**Your goal**
Every line of the listing that follows must be written out unchanged.

● ● ●

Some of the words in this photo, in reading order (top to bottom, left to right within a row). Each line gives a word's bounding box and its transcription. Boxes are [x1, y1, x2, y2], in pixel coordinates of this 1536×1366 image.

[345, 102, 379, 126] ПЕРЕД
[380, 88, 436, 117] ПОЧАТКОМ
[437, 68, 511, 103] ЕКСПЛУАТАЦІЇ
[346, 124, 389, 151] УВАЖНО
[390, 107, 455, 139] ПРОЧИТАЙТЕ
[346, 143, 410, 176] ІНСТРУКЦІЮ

● ● ●

**Reply**
Some of the words in this photo, in reading order (top to bottom, left to right within a row). Each line gives a word's bounding box and its transcription. Boxes are [x1, y1, x2, y2], in pixel coordinates of this 1536×1366 image.

[345, 102, 379, 126] ПЕРЕД
[380, 88, 436, 117] ПОЧАТКОМ
[437, 68, 511, 103] ЕКСПЛУАТАЦІЇ
[346, 124, 389, 151] УВАЖНО
[390, 107, 455, 139] ПРОЧИТАЙТЕ
[346, 143, 410, 176] ІНСТРУКЦІЮ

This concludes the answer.